The 53/44 figure arises when the census-takers extracted from that 14 per cent the religious background in which they were raised and added it to the religious faith figure. In round terms, there are 890,000 Protestants and 740,000 Catholics in Northern Ireland, a difference of 150,000.

The census illustrates that the Catholic population grew by 2 per cent in the past 10 years, while the Protestant population declined by 5 per cent. Worryingly for unionists, were that trend to continue to the next census in 2011, the figures would be 48 per cent Protestant and 46 per cent Catholic. Continue that trend to 2016 and there would be a 47 per cent Catholic and 45.5 per cent Protestant population.

Allowing for that trend and for nearly all Catholics to vote for a united Ireland, then Gerry Adams and Mitchel McLaughlin could be just about right in their predictions. But for two reasons this is an unlikely scenario. Firstly, (as long as David Trimble doesn't continue to annoy them too much with gratuitous insults about the Republic) there will always be a small but significant body of Catholics who will opt to maintain the link with Britain, particularly if the North-South element of politics is flourishing.

Secondly, it seems unlikely that the Protestant population would continue to decline at a rate of 5 per cent every 10 years. While the Protestant population is older than the Catholic one, and while there are a greater number of Catholics than Protestants of school-going age, there are indications of a slowing down in the Catholic birth rate. The decline may continue but at a slower rate.

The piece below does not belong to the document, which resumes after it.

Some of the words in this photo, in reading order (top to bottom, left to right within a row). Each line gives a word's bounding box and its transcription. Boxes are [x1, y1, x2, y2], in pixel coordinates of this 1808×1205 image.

This question will remain an imponderable until we have the school figures in the next round of census figures in March. We should have an idea then whether the Catholic/Protestant birth rate is close to levelling out. "There are signs that the Catholic/Protestant birth rate is flattening out," one demographer told The Irish Times.

The census figures point to a form of re-partitioning of Northern Ireland. Picture an electoral map and there is a predominantly green tinge from a sizeable portion of Derry all the way around to south Down, with the orange glow to the east, and Belfast shared between Catholics and Protestants.

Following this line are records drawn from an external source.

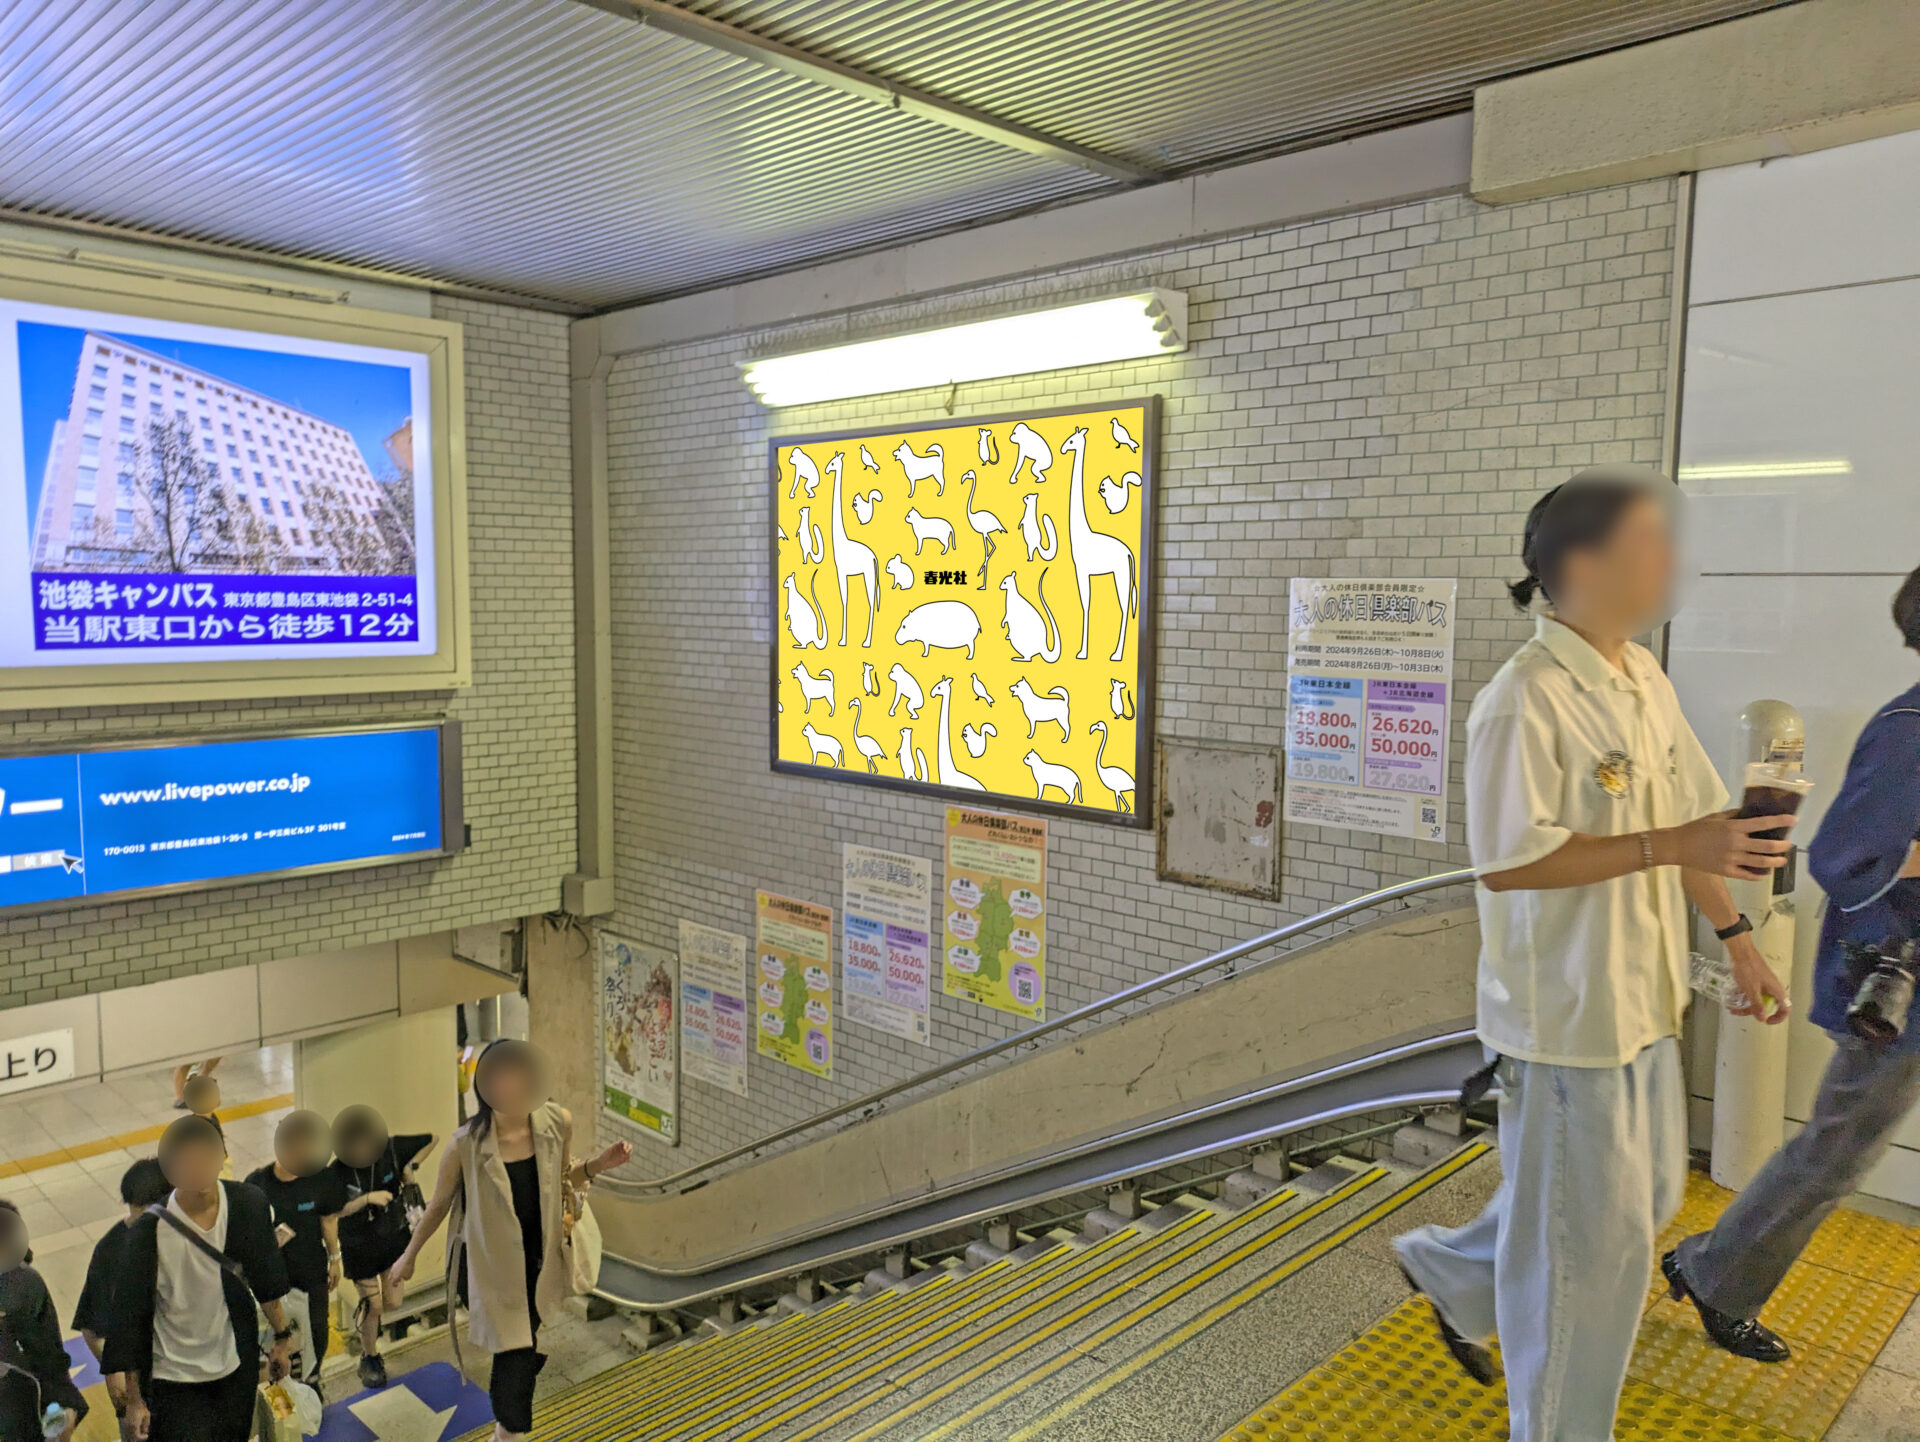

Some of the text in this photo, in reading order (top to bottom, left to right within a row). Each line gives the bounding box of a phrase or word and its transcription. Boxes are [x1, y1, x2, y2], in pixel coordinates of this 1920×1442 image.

[924, 571, 967, 585] 春光社
[39, 580, 217, 610] 池袋キャンパス
[1294, 593, 1448, 628] 大人の休日倶楽部パス
[44, 613, 414, 643] 当駅東口から徒歩12分
[100, 773, 311, 807] www.livepower.co.jp
[104, 844, 145, 856] 170-0013

As regards elections, such is the breakdown in Protestant/Catholic numbers in the 18 Westminster and Assembly constituencies that unionists should, for the next couple of elections at least, control 11 of them and nationalists 7, as is the case at present. Again that should provide encouragement for unionists.

The last great imponderable is migration, and this could be crucial to whether a united Ireland is attainable in the medium term. Over the past 10 years, 200,000 people settled in Northern Ireland and 200,000 left.

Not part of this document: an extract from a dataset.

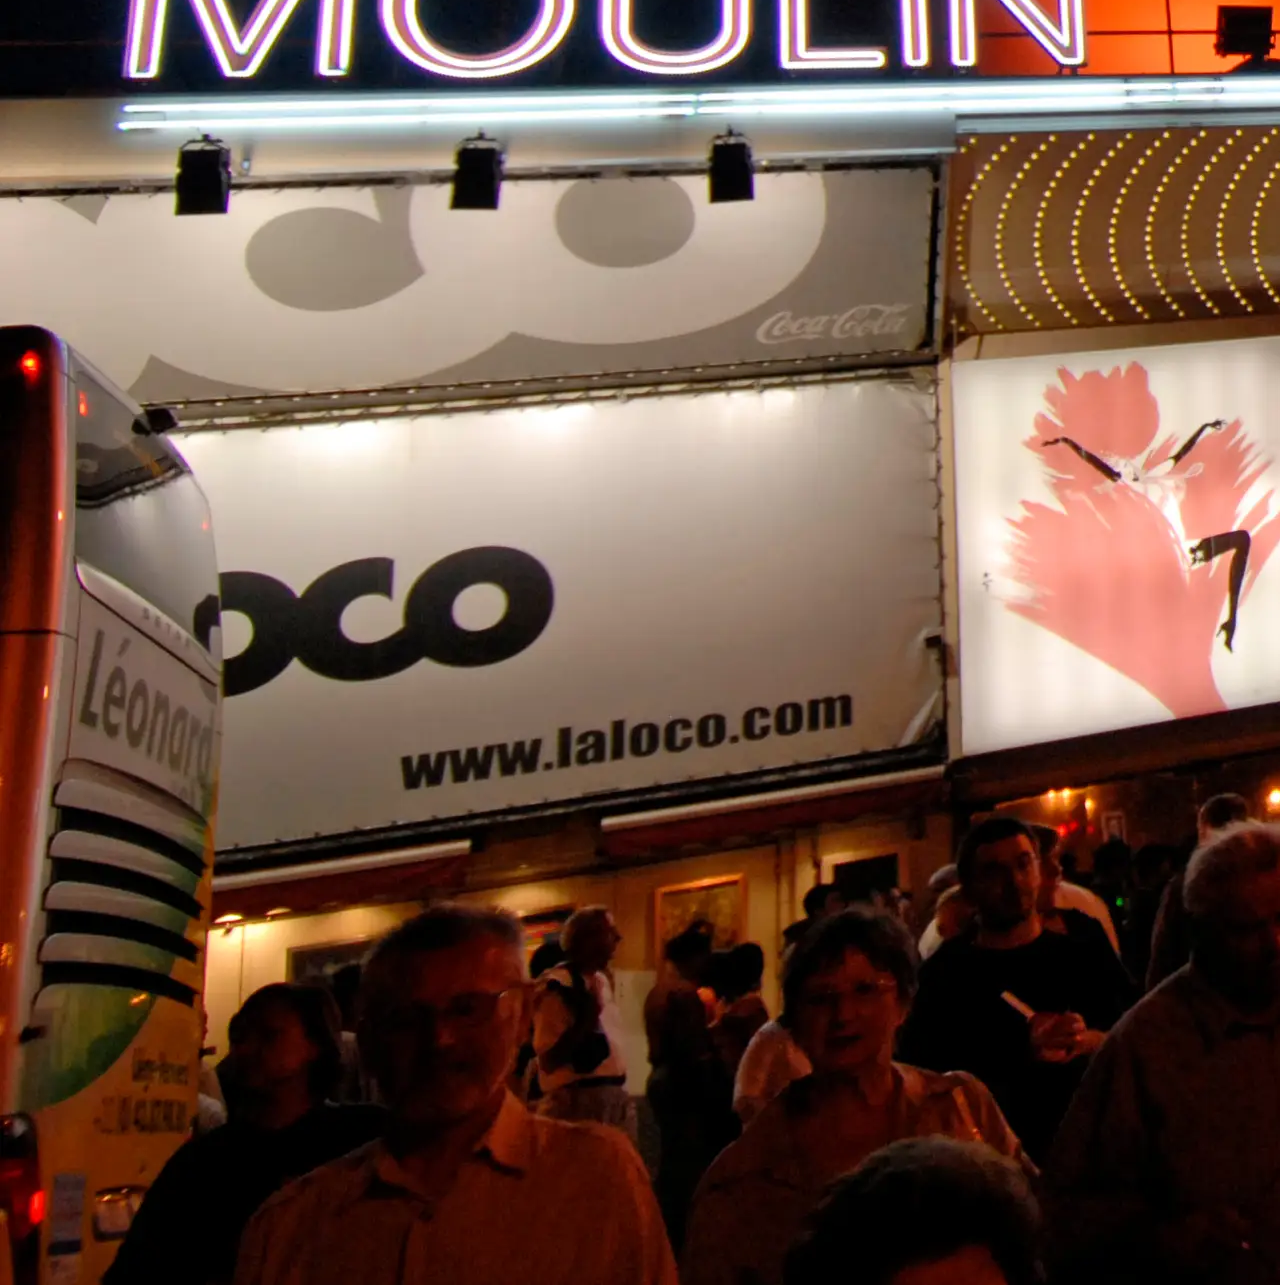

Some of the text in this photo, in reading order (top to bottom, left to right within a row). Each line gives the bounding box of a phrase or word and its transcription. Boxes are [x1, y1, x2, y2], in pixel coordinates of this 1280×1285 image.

We don't have a breakdown of whether most of those leaving were unionist or nationalist or most coming in nationalist or unionist. But we do know of a trend of young Protestants attending college or working in Britain and staying there, and of Catholics more prepared to stick it out in Northern Ireland.

It relates to how Protestants fled the west bank of Derry and how unionists are moving east or abroad, as if there were some internal computer chip telling them they must shift when Catholics are establishing a firmer base close to them.

Quite why this happens raises more crude questions: does it indicate inherent sectarianism or is it what must naturally result from being imbued with a siege mentality? It certainly denotes, from a unionist perspective, a dangerous form of defeatism which could, more so than the Catholic birth rate, in a generation or two lead to a nationalist majority in Northern Ireland. For unionists, the lessons of the census are that they should learn to live with their neighbours and learn to love the Catholic-Protestant consensus philosophy of the Belfast Agreement.